In the Tom and Jerry politics of Trinidad and Tobago, it’s almost never acknowledged that two things can be true at once. Christine Kangaloo’s nomination to the presidency by then prime minister Dr Keith Rowley was problematic, even provocative. On the other hand, the Government’s recent sharp attacks on the legislative integrity of the independent senators that President Kangaloo appointed were improper, unseemly and unfair.
In nominating the attorney and President of the Senate to be the President in 2023, Rowley was presenting to the electoral college someone deeply entangled in his party, and who’d served in a number of offices of the PNM government. She’d acted as President on several occasions–as the president of the Senate does–but it did not mean that she was a prudent choice to hold the higher office permanently.
This is not a slight against Kangaloo–intelligent, magisterial and who, frankly, looks born to the role. Understandably, the President did not have the trust of the UNC then, and she does not have it now. Even if she interprets her presidential brief conscientiously and acts fastidiously straight down the middle, past and perception can never be erased.
Perception matters in all areas. Renowned English umpire Dickie Bird operated at a time when home umpires stood in international matches. Visiting players liked and trusted Bird. Other umpires, such as Fred Goodall of New Zealand, became enmeshed in controversy, with visiting players accusing them of bias. Trust in umpire Bird remained even when the visitors disagreed with a decision that Bird gave in favour of an England player.
Cricket’s governing body, the ICC, understood that the stakes were too high and the perception of neutrality was too important to continue to have home umpires stand. Over time, they introduced neutral umpires; strengthened adjudication with a TV umpire, a match referee and Decision Review System (DRS) technology. Those measures did not eliminate mistakes, but they went a long way towards restoring trust in decision-making.
Government officials employed the Orwellian argument that independent senators should prove their independence by rubber-stamping legislation from a governing party with a huge parliamentary majority, the Prime Minister’s Pension (Amendment) Bill, 2025. We can never know how many of the independent senators who voted for the legislation did so because of the heavy pressure of the attacks, or out of genuine conviction that it was sound. The pained looks on their faces during the televised voice vote suggest that the attacks got to them. Those who did not support it should have had the legislative courage to vote “no”. Their own arguments suggested that they had a duty to.

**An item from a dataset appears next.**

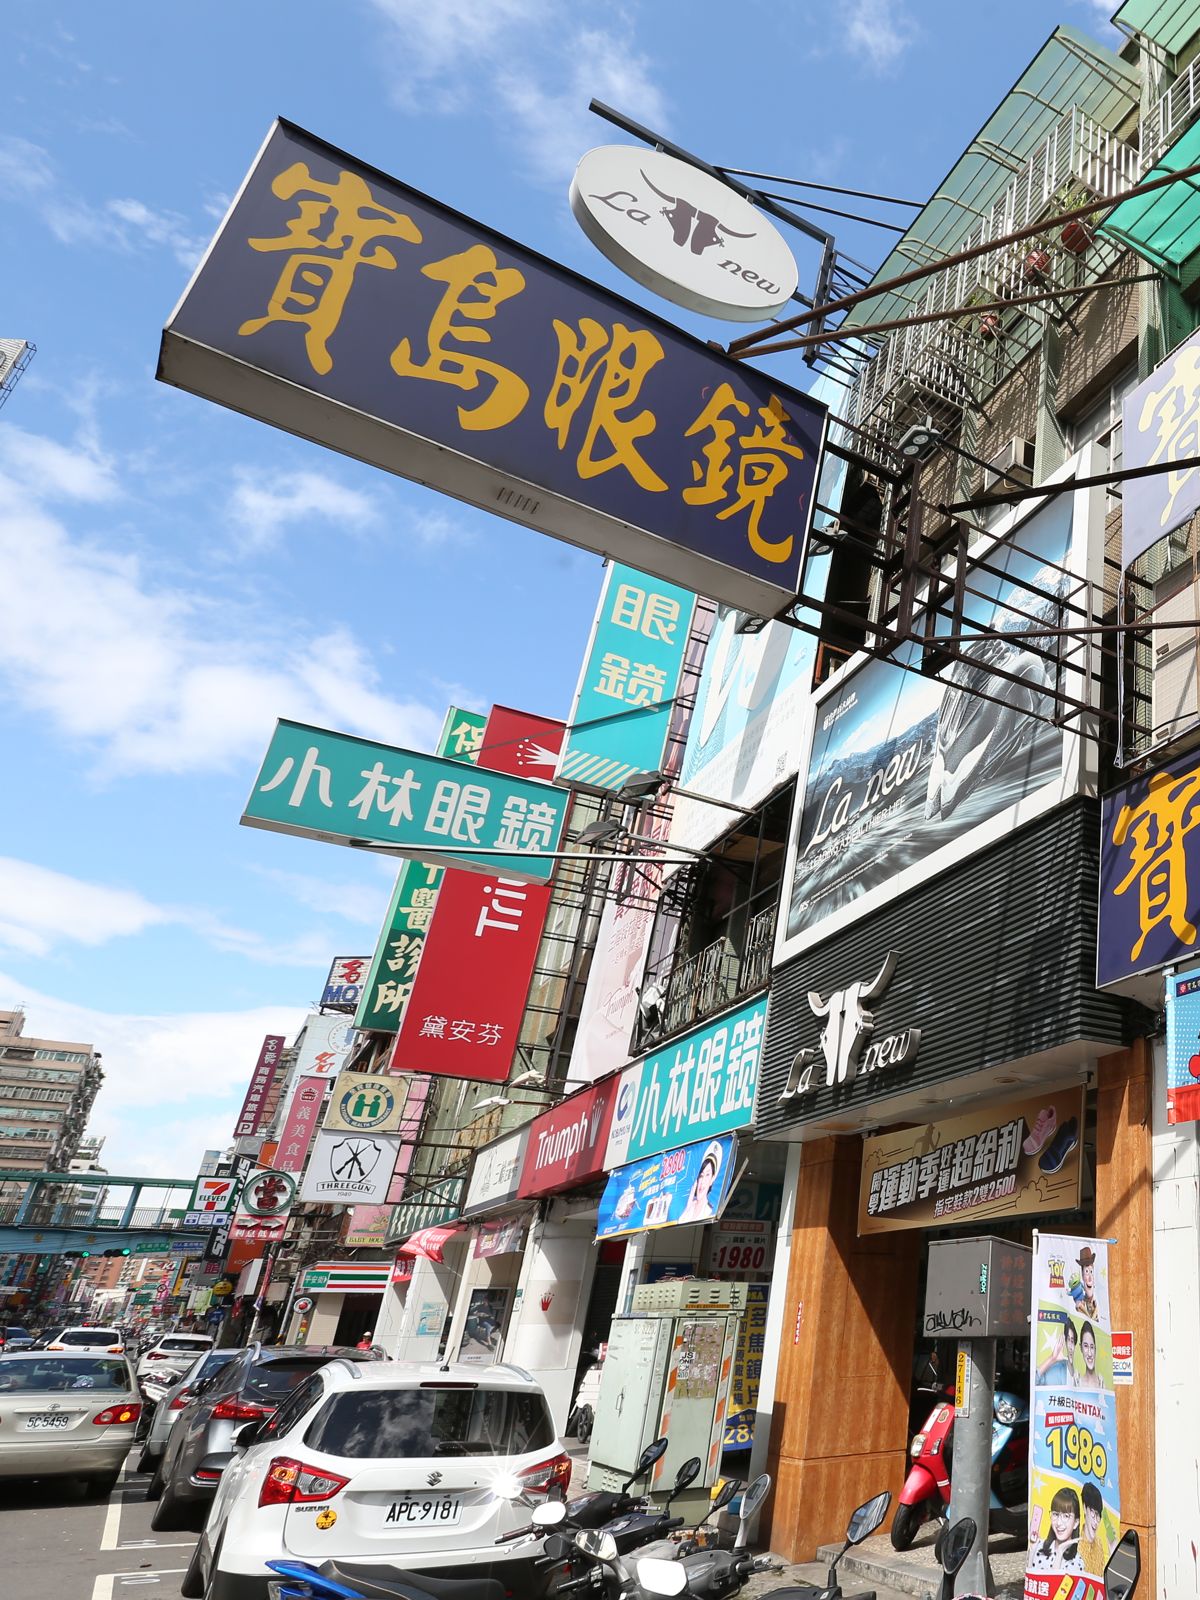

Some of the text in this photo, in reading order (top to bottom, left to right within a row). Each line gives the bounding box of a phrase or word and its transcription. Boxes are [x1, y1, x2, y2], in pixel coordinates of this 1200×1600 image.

I’m not a lawyer, but to paraphrase US Supreme Court Justice Potter Stewart in Jacobellis v Ohio in 1964, even those of us who have rudimentary powers of analytical thinking ought to recognise bad law when we see it. The law seems destined for the Privy Council, likely through proxy challenge.
With Stuart Young, the problem wasn’t the fix. The principle of a tiered system of benefits is sound and sensible. It was the retroactive reach-back that clearly targeted him. Look, I don’t like it that a PM as short-tenured as Young can get full whack after six weeks in office, but here’s how I look at things. Young didn’t set out to be PM for a month and a half. He sought a longer mandate on April 28, but the electorate had other ideas.
Benefits and the qualification principles underlying them sometimes come under scrutiny. For (imperfect) example, the 26-year-old wife of the 86-year-old billionaire should not have to forfeit her legal entitlement to a share of his estate upon his death, because she’d only been married to him for a short time.
There’s a probability of the law lords administering a judicial slap on the T&T Government when the inevitable appeal makes its way to their docket. Liz Truss was prime minister of Britain for seven weeks. The Labour government of Sir Keir Starmer did not try to strong-arm her out of her benefits.
The irony of all of this is that Rowley, a scientist, engineered the ascension of both Young and Kangaloo. Both actions collided in the Senate last week.